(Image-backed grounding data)
::::
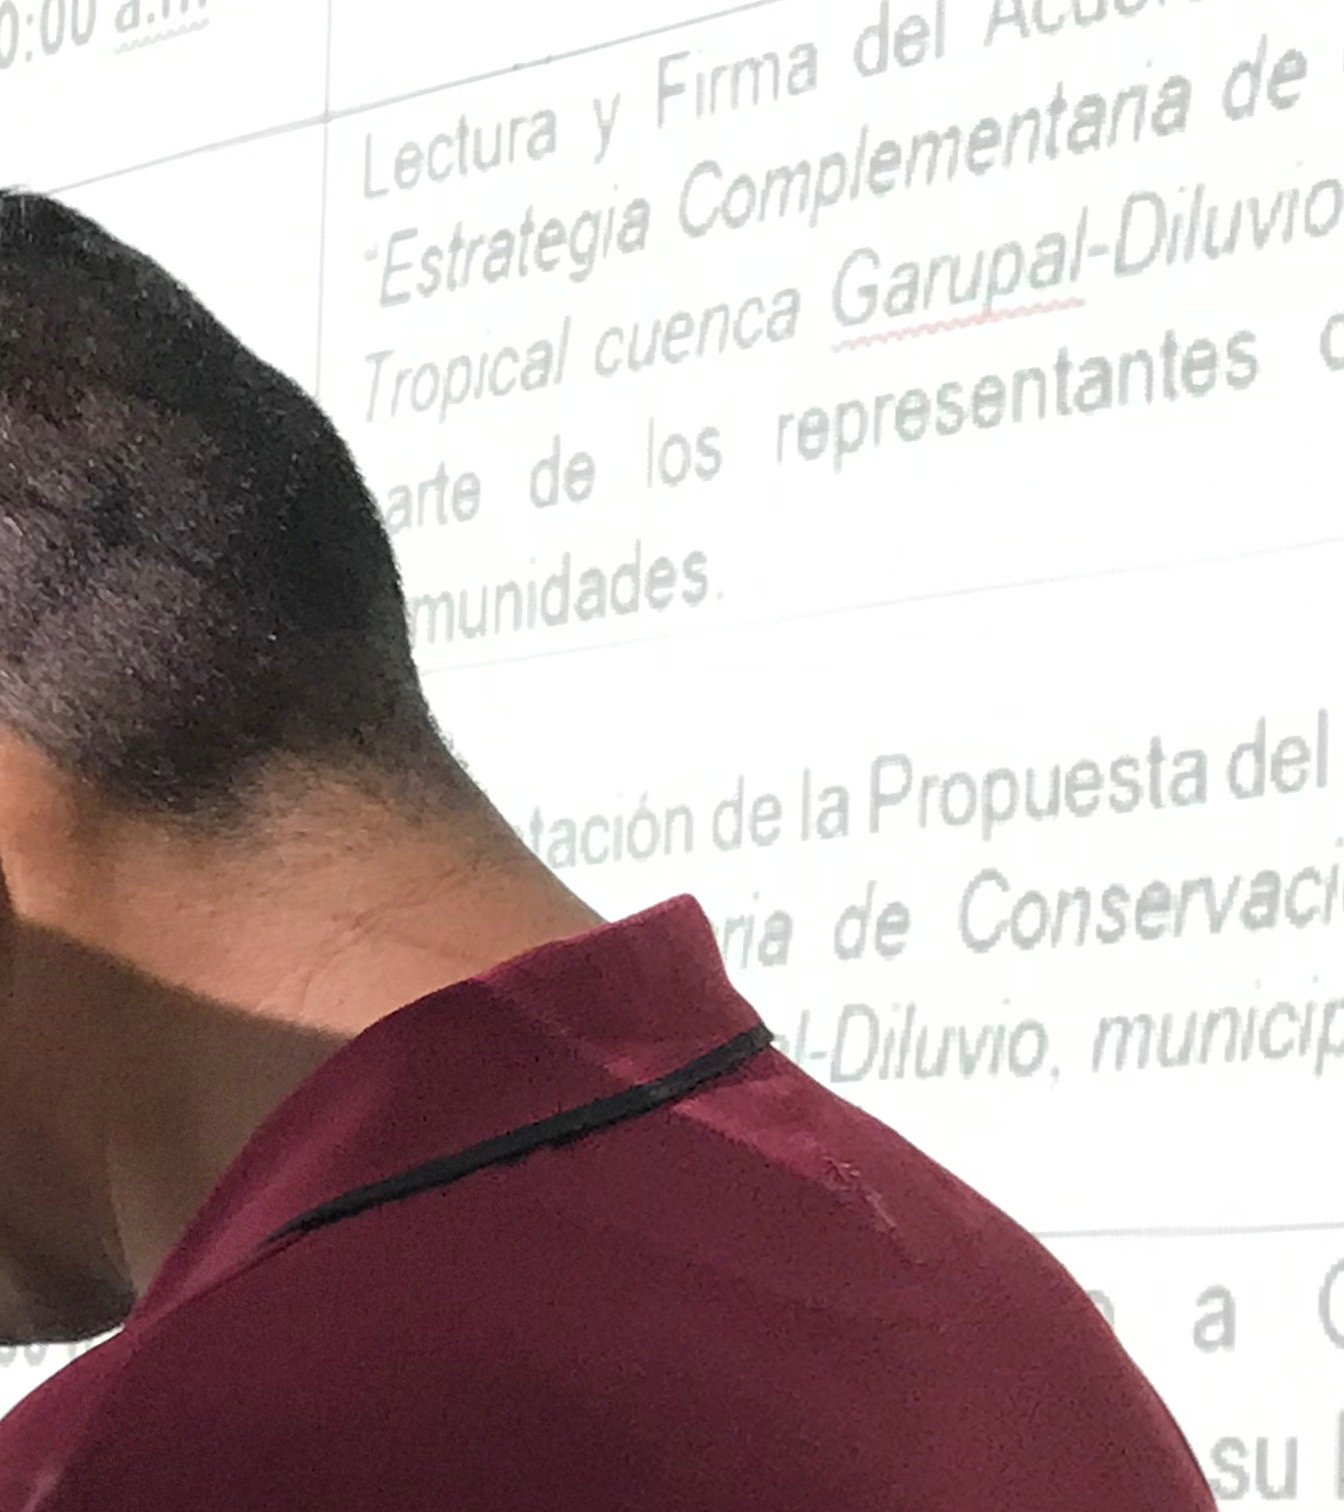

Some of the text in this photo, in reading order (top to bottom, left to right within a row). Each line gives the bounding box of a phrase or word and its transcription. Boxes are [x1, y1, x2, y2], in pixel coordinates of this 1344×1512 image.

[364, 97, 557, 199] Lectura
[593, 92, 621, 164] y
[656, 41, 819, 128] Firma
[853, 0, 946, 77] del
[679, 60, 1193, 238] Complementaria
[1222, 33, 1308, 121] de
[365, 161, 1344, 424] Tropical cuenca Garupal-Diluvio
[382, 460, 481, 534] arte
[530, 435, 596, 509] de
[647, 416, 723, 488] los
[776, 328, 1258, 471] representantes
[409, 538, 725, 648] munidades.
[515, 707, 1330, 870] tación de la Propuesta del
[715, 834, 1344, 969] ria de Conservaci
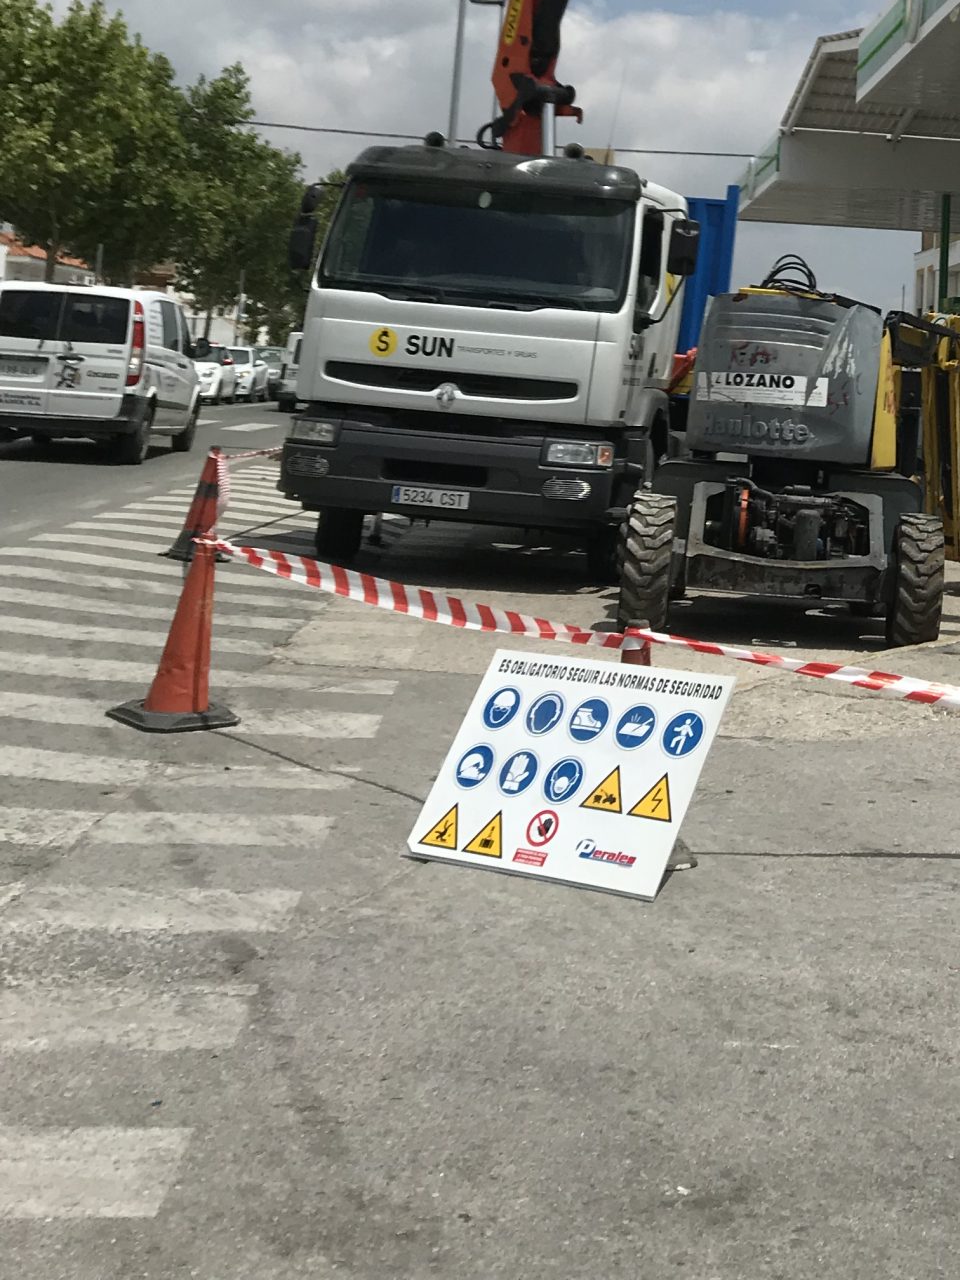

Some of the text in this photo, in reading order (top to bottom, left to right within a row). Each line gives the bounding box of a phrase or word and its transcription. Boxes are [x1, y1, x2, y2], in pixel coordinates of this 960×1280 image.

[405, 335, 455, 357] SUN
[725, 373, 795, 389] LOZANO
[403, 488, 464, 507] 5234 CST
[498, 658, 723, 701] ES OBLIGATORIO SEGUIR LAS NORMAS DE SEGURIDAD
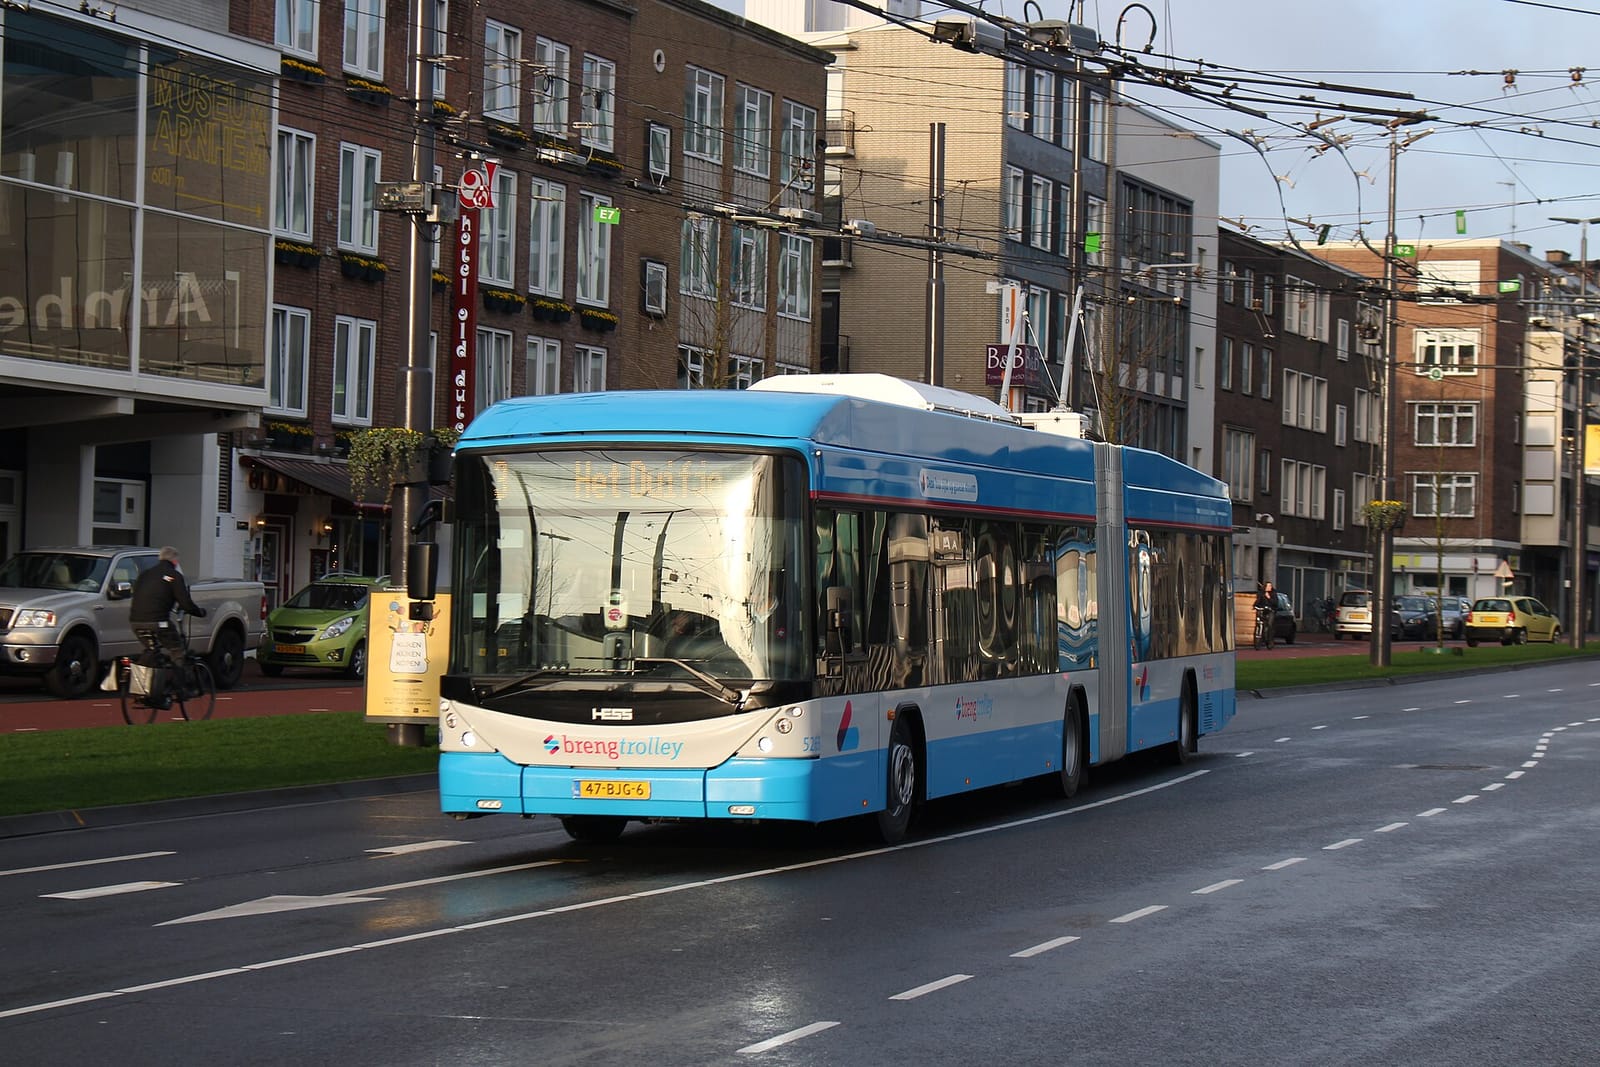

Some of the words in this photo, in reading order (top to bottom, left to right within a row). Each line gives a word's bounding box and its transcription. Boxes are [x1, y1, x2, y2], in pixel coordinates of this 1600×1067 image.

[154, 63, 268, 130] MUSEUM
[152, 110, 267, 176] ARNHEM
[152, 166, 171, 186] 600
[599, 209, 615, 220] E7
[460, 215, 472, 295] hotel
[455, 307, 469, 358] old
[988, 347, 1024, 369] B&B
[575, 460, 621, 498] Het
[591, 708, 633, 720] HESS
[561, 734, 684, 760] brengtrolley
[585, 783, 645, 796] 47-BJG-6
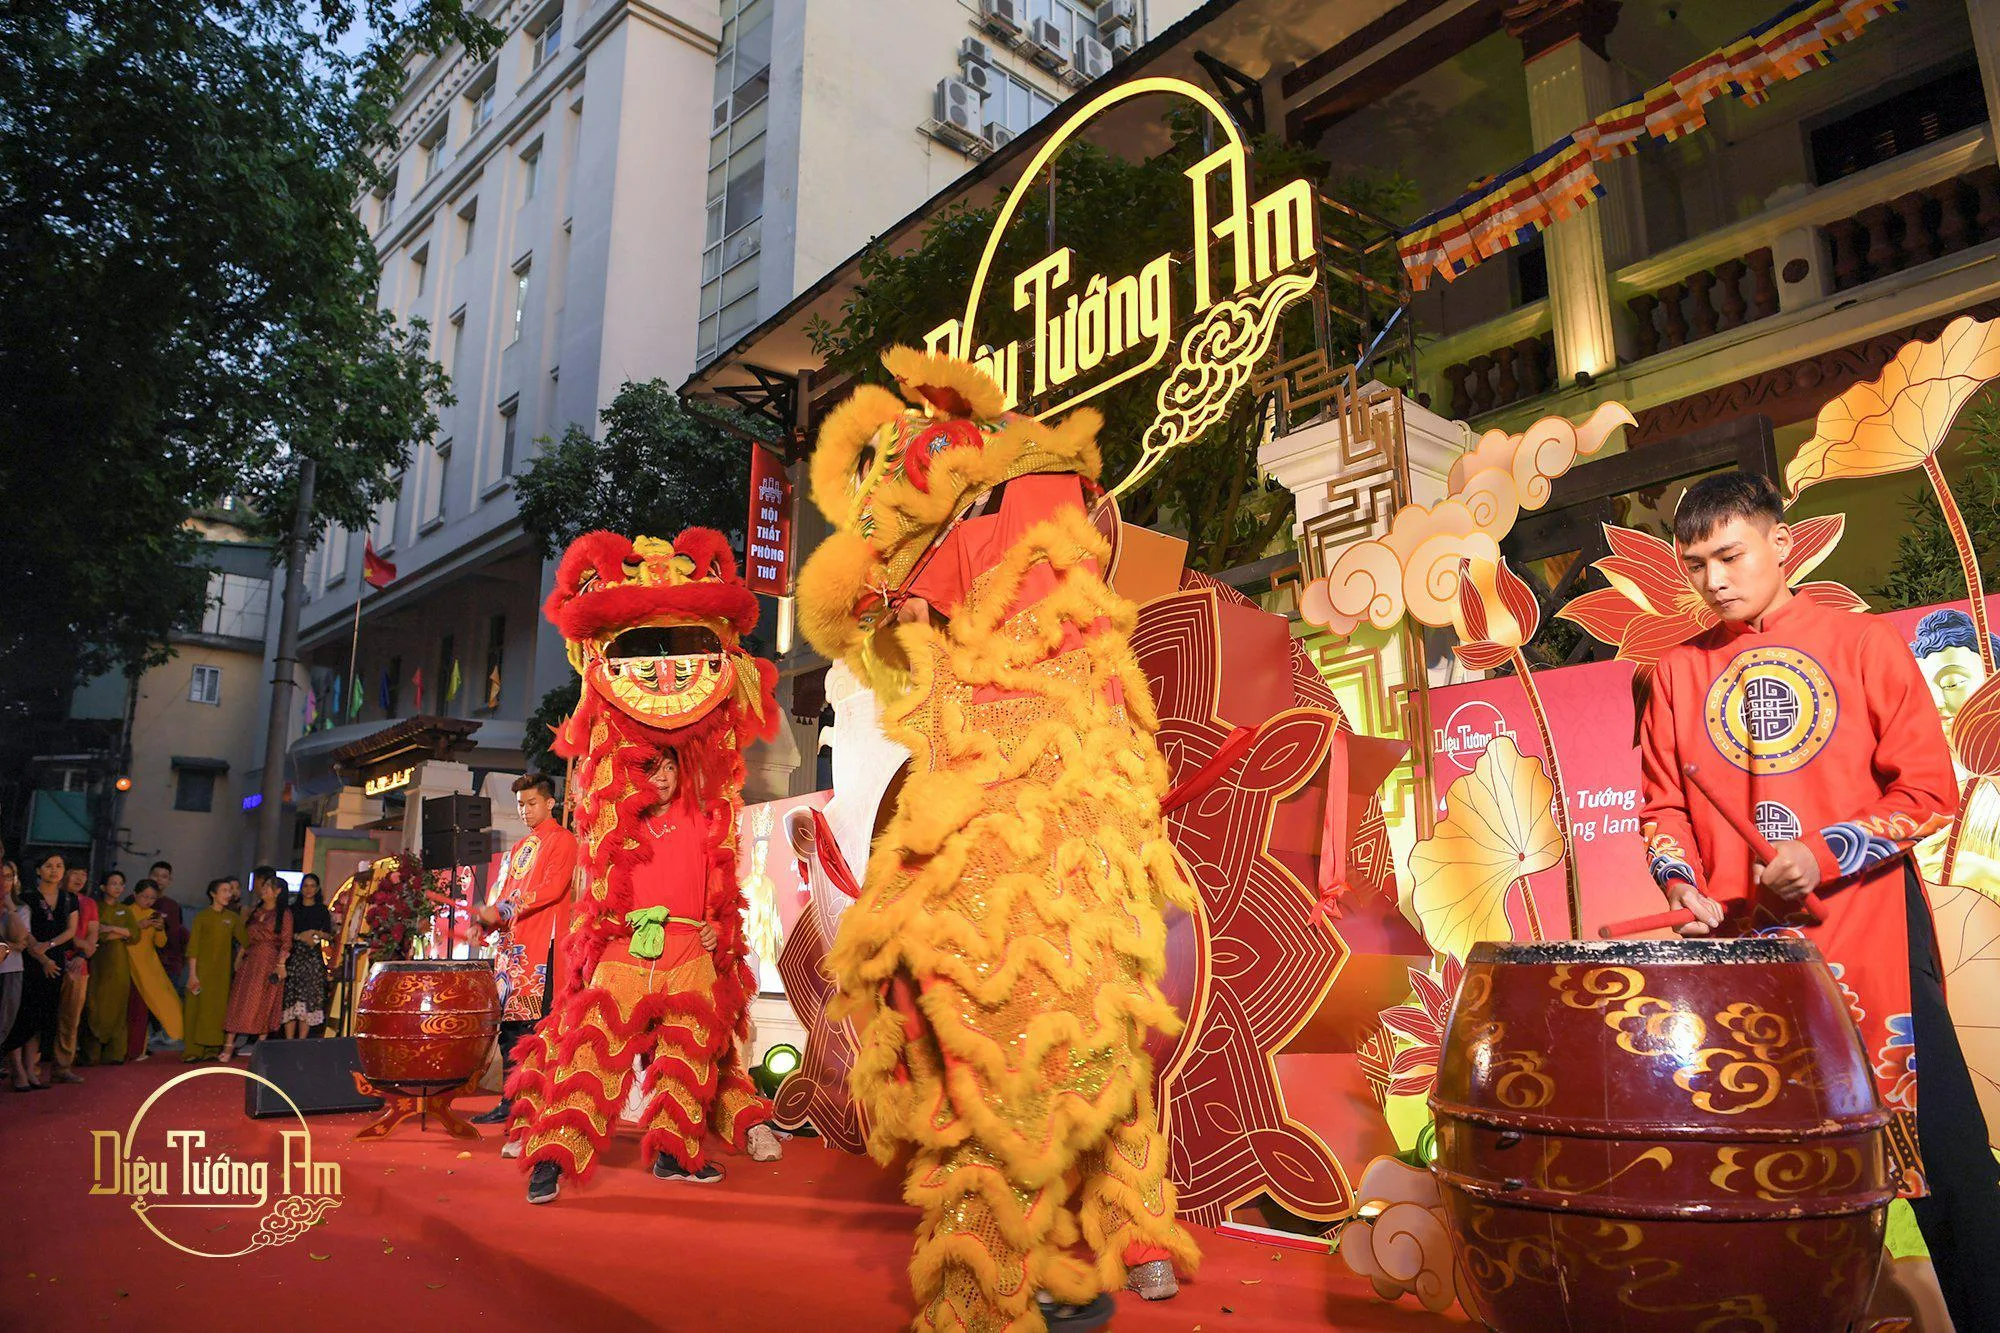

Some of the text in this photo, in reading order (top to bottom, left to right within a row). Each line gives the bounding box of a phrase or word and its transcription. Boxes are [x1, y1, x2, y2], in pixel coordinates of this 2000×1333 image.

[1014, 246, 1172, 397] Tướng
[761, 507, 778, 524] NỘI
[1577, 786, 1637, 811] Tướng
::::
▶ _WHAT THE EXERCISE ASKS_
Copy the records above exactly, leaving out every picture.

▶ _TASK SOLUTION_
Some of the text in this photo, in reading order (top to bottom, left to right within a row). Each line gives the bounding box of a phrase or word and its transcription. Boxes are [x1, y1, x2, y2], in pixel coordinates of this 1344×1512 image.

[364, 97, 557, 199] Lectura
[593, 92, 621, 164] y
[656, 41, 819, 128] Firma
[853, 0, 946, 77] del
[679, 60, 1193, 238] Complementaria
[1222, 33, 1308, 121] de
[365, 161, 1344, 424] Tropical cuenca Garupal-Diluvio
[382, 460, 481, 534] arte
[530, 435, 596, 509] de
[647, 416, 723, 488] los
[776, 328, 1258, 471] representantes
[409, 538, 725, 648] munidades.
[515, 707, 1330, 870] tación de la Propuesta del
[715, 834, 1344, 969] ria de Conservaci

Some of the text in this photo, in reading order (top to bottom, left to right within a row). Each line gives the bounding box of a phrase or word and its transcription. Boxes are [x1, y1, x2, y2], in pixel coordinates of this 960×1280 image.

[405, 335, 455, 357] SUN
[725, 373, 795, 389] LOZANO
[403, 488, 464, 507] 5234 CST
[498, 658, 723, 701] ES OBLIGATORIO SEGUIR LAS NORMAS DE SEGURIDAD

Some of the words in this photo, in reading order (top to bottom, left to right within a row). Each line gives a word's bounding box and its transcription. Boxes are [x1, y1, x2, y2], in pixel coordinates of this 1600×1067 image.

[154, 63, 268, 130] MUSEUM
[152, 110, 267, 176] ARNHEM
[152, 166, 171, 186] 600
[599, 209, 615, 220] E7
[460, 215, 472, 295] hotel
[455, 307, 469, 358] old
[988, 347, 1024, 369] B&B
[575, 460, 621, 498] Het
[591, 708, 633, 720] HESS
[561, 734, 684, 760] brengtrolley
[585, 783, 645, 796] 47-BJG-6

Some of the text in this photo, in reading order (top to bottom, left to right within a row). Each line gives the bounding box of a phrase or word and its transcription. Boxes are [x1, y1, x2, y2], in pixel coordinates of this 2000×1333 image.

[1014, 246, 1172, 397] Tướng
[761, 507, 778, 524] NỘI
[1577, 786, 1637, 811] Tướng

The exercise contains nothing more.